1/1/1 resp profess du drt, 19 février 2025 — 23/01225

Fait droit à une partie des demandes du ou des demandeurs sans accorder de délais d'exécution au défendeur Cour de cassation — 1/1/1 resp profess du drt

Texte intégral

TRIBUNAL JUDICIAIRE DE PARIS [1]

[1] Expéditions exécutoires délivrées le :

1/1/1 resp profess du drt

N° RG 23/01225 - N° Portalis 352J-W-B7H-CY5U4

N° MINUTE :

Assignation du : 29 Juin 2022

JUGEMENT rendu le 19 Février 2025 DEMANDEUR

Monsieur [O] [K] [Adresse 1] [Localité 4]

Représenté par Maître Schmouel HABIB de la SELEURL HERACLES, avocats au barreau de PARIS, vestiaire #E1511

DÉFENDEUR

AGENT JUDICIAIRE DE L’ETAT [Adresse 2] [Localité 3]
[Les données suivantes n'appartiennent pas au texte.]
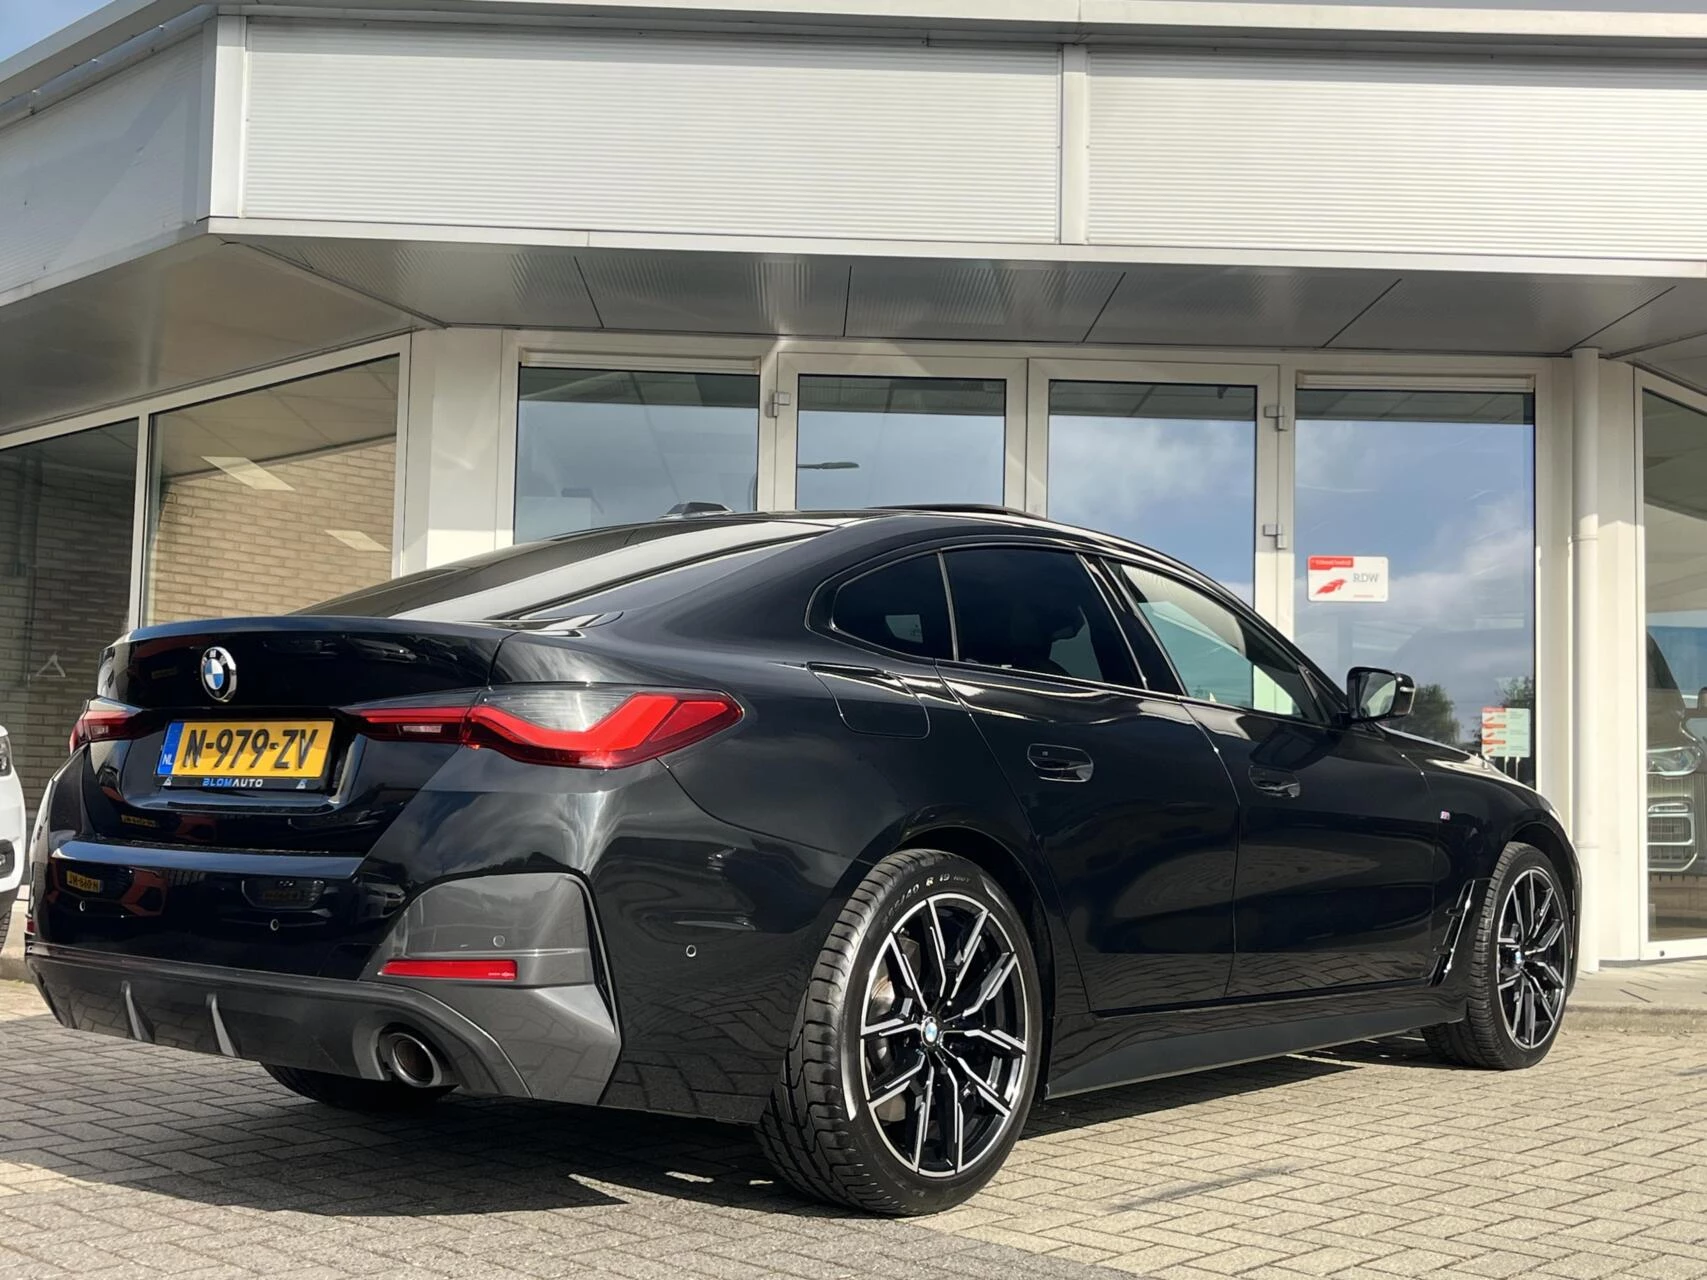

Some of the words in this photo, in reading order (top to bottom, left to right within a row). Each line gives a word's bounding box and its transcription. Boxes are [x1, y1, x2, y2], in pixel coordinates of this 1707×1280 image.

Représenté par Me Benoît CHABERT, avocat au barreau de PARIS, vestiaire #A0039

MINISTÈRE PUBLIC

Monsieur Etienne LAGUARIGUE de SURVILLIERS, Premier Vice-Procureur

Décision du 19 Février 2025 1/1/1 resp profess du drt N° RG 23/01225 - N° Portalis 352J-W-B7H-CY5U4

COMPOSITION DU TRIBUNAL

Madame Cécile VITON, Première vice-présidente adjointe Présidente de formation,

Madame Marjolaine GUIBERT, Vice-présidente Madame Valérie MESSAS, Vice-présidente Assesseurs,

assistées de Madame Marion CHARRIER, Greffier

DÉBATS

A l’audience du 22 Janvier 2025 tenue en audience publique Madame Marjolaine GUIBERT a fait un rapport de l’affaire.

JUGEMENT

Prononcé par mise à disposition Contradictoire en premier ressort

EXPOSE DU LITIGE

Par jugement du 3 octobre 2019, le tribunal de l'application des peines de Paris a prononcé la libération conditionnelle de M. [O] [K] avec placement sous surveillance électronique probatoire à compter du 14 octobre 2019.

Le procureur de la République a formé un appel suspensif de cette décision le jour même.

La date d'audience du 28 novembre 2019 a été signifiée aux avocats de M. [K] par courrier du 18 novembre 2019.

A l'audience du 28 novembre 2019, les avocats de M. [K] ont invoqué le non respect du délai de 15 jours prévu par l'article D 49-42 du code de procédure pénale, et l'affaire a été renvoyée à l'audience du 19 décembre 2019.

A cette date, le délai de deux mois imparti par l'article 712-14 du code de procédure pénale à la juridiction du second degré pour connaître de l'appel suspensif du ministère public contre une décision du tribunal de l'application des peines était expiré.

Par un arrêt du 28 janvier 2020, la chambre de l'application des peines a fait droit aux demandes en appel du ministère public et a infirmé la décision du tribunal de l'application des peines.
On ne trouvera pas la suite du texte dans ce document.